Edito - Des « scies » et des bémols
- Par Jean-Michel Chevalier --
- le 12 septembre 2025
Le journalisme connaît ses marronniers : des infos ou événements revenant régulièrement dans l’actualité, comme le salaire des cadres ou le classement des meilleurs hôpitaux. La chanson connaît ses « scies » : des ritournelles (souvent bébêtes) dont la mélodie se grave dès la première écoute dans la mémoire. Nous allons essayer ici de couper quelques marronniers avec des… si.

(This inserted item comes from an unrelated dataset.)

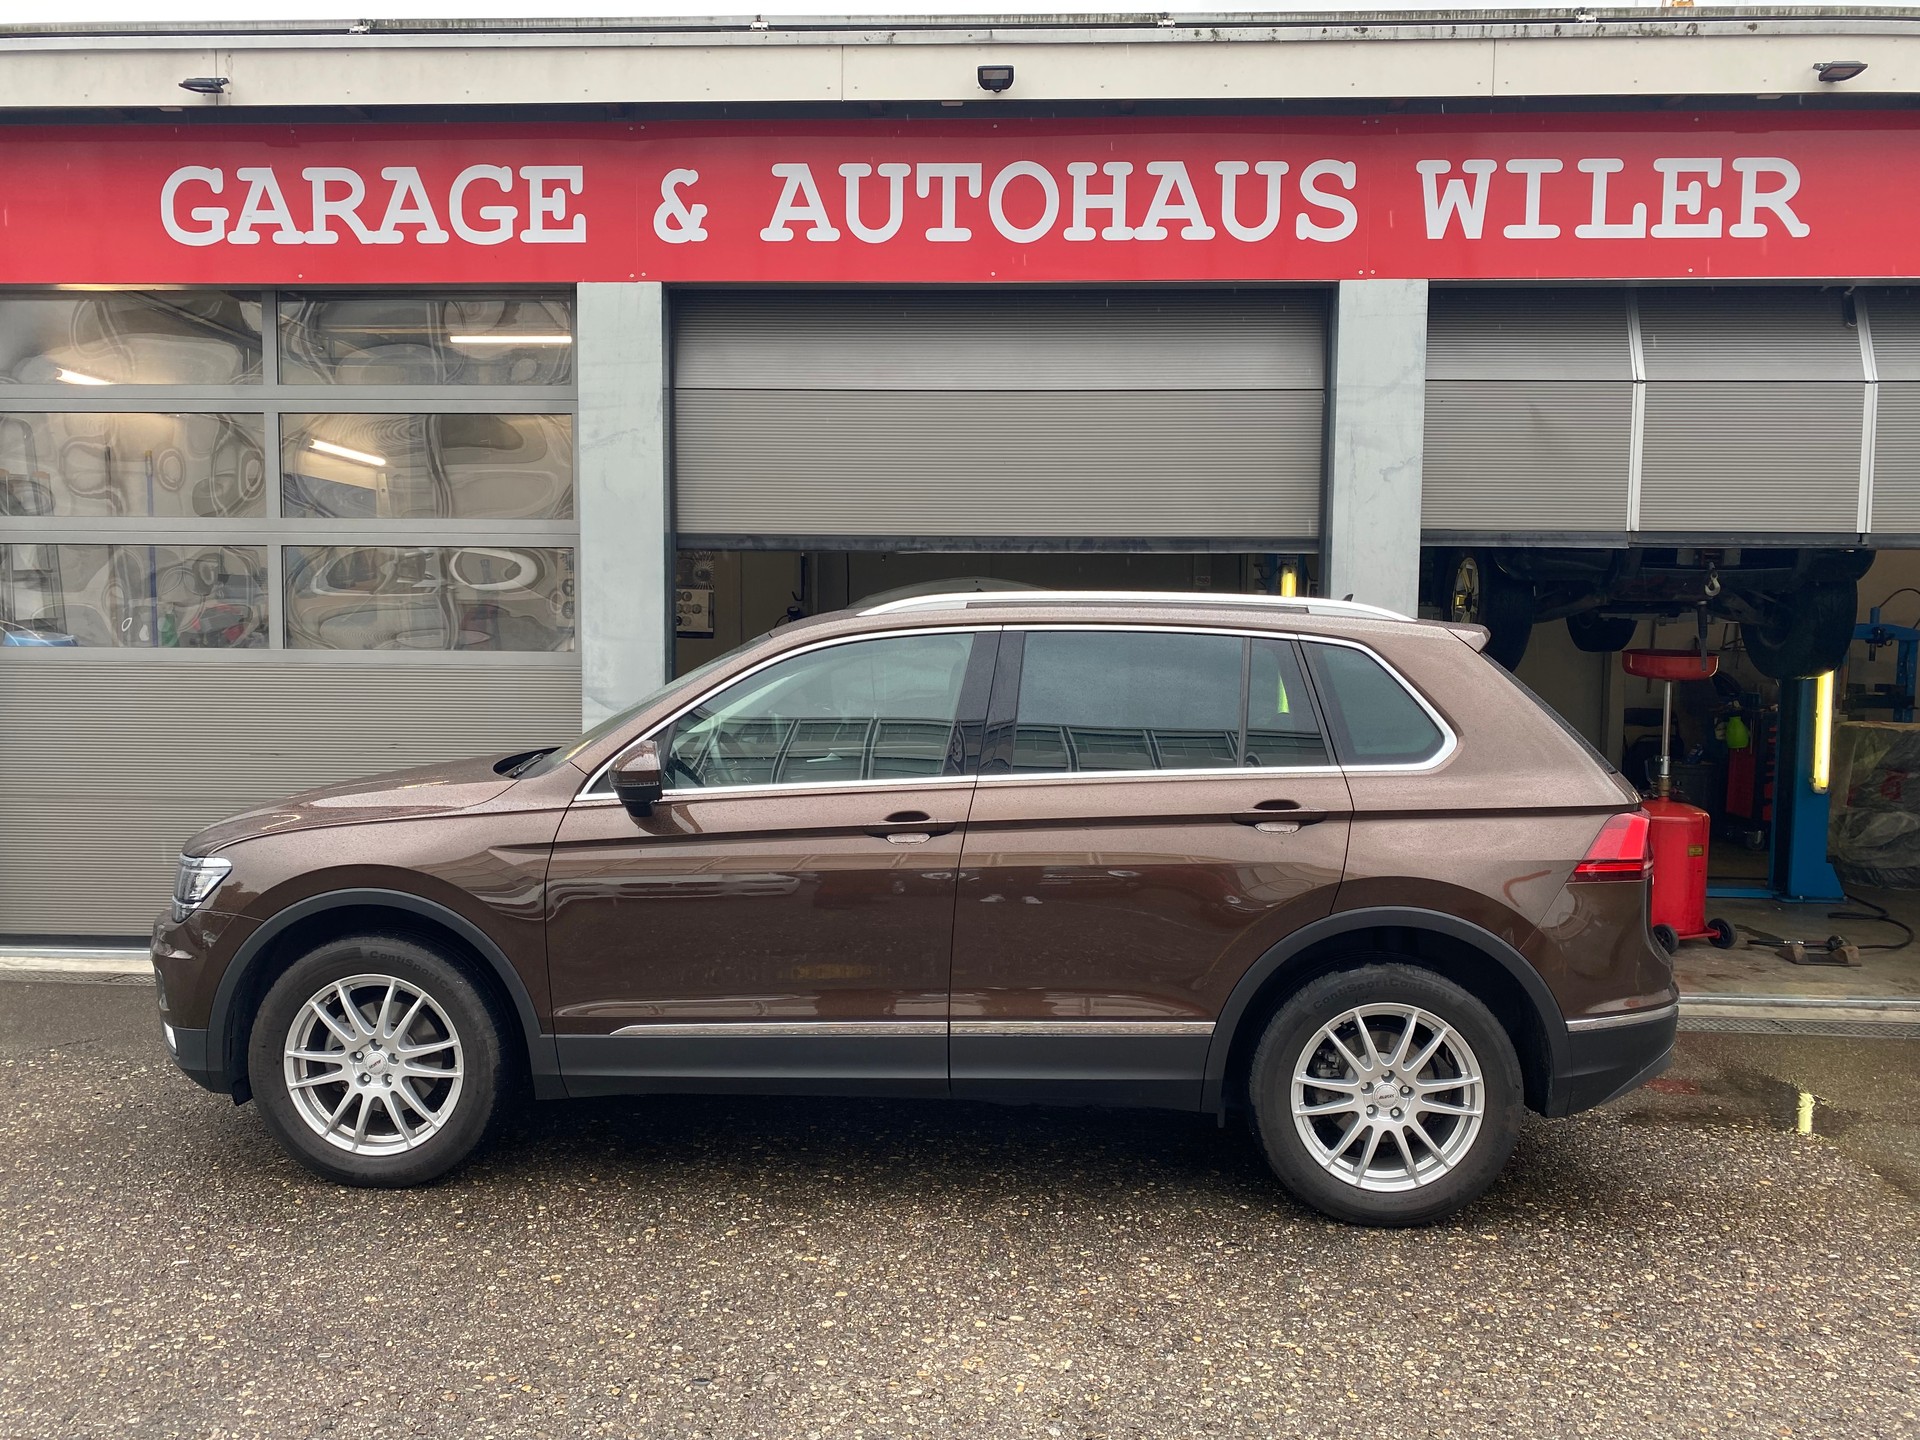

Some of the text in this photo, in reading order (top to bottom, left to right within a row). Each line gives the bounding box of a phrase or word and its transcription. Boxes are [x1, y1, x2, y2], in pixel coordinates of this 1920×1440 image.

[161, 157, 1810, 247] GARAGE & AUTOHAUS WILER
[369, 950, 473, 1023] ContiSportCont

Si François Bayrou est obligé de rendre les clés de Matignon faute d’avoir réussi à faire signer un nouveau contrat de « confiance » aux députés, ce ne sera pas faute d’avoir essayé de convaincre que la moins pire des solutions était de continuer ainsi, cahin-caha, jusqu’aux prochaines présidentielles et législatives, en espérant qu’en sorte une majorité claire (et efficace), ce qui est encore loin d’être garanti. On a vu le désormais ex-Premier ministre se démultiplier sur les chaînes, jusqu’à une totale saturation médiatique. Mais plus que les Français, sidérés par le spectacle actuel de la politique hexagonale, c’était un public inconciliable que le Premier ministre devait concilier : les élus du palais Bourbon et leurs petits calculs politiciens. Malgré concessions et promesses d’amendements, ils l’ont jeté sans ménagement par-dessus le bastingage : à qui faire… confiance ?
Si les chroniqueurs de France Inter Patrick Cohen et Thomas Legrand n’avaient pas été filmés à l’insu de leur plein gré lors d’une réunion « hors caméra et micros » avec des élus du PS, Rachida Dati aurait perdu une belle occasion de dire une ânerie sur X. Bien sûr, elle peut ne pas apprécier que ces journalistes, pas convaincus qu’elle ferait un bon maire pour Paris, le laissent entendre au micro. Mais tout aussi bien sûr, les deux piégés ont aussi le droit de partager leur opinion avec des personnes lors d’une réunion privée (en principe) et dans leurs éditoriaux, même sur le service public. Il n’y a que dans les pays totalitaires, où les têtes sont aussi gonflées que les chevilles, que l’on réclame des sanctions contre les persifleurs.
Si la France était vraiment une amie de l’Ukraine, elle n’aurait pas troué à deux reprises les filets des buts du gardien adverse et aurait gardé toute sa « gnac » pour ses prochains adversaires. Les Ukrainiens ont beau être habitués depuis trois ans et demi à des « tirs canon » sur un autre terrain, un petit match nul leur aurait fait du bien au moral. Vous allez voir que Poutine va parler d’une « terreur psychologique » infligée par Mbappé et ses copains, et que Trump va trouver que décidément l’on n’en fait pas assez pour notre allié.
S’il y avait vraiment « un professeur devant chaque classe », comme on nous le promet depuis Jules Ferry, les syndicats auraient encore d’autres motifs de grève pour tenter d’améliorer ce mammouth qui, tel Cronos, dévore ses propres enfants. Les démissions augmentent d’année en année, les inscrits au Capes sont en chute libre (-41 % entre 2017 et 2023). La « dégradation des conditions de travail » (euphémisme pour désigner une bordélisation des classes, à l’image de celle de l’Assemblée), et des salaires loin de récompenser les années d’études et l’investissement personnel nécessaire pour intéresser les élèves expliquent en grande partie ce désamour. N’oublions pas Hugo, qui disait que lorsqu’on ouvre une école on ferme une prison… Alors qu’un enfant sur quatre entrant en 6e ne maîtrise pas parfaitement la lecture – ne parlons pas de l’orthographe –, celui ou celle qui succèdera à Élisabeth Borne est d’ores et déjà invité à relire ses classiques.
Si vous aviez le dos large, étiez capable de faire le dos rond sans avoir peur de vous mettre tout le monde à dos, si vous adoriez les ennuis et les coups tordus, alors vous auriez pu prétendre à la place désormais occupée par Sébastien Lecornu.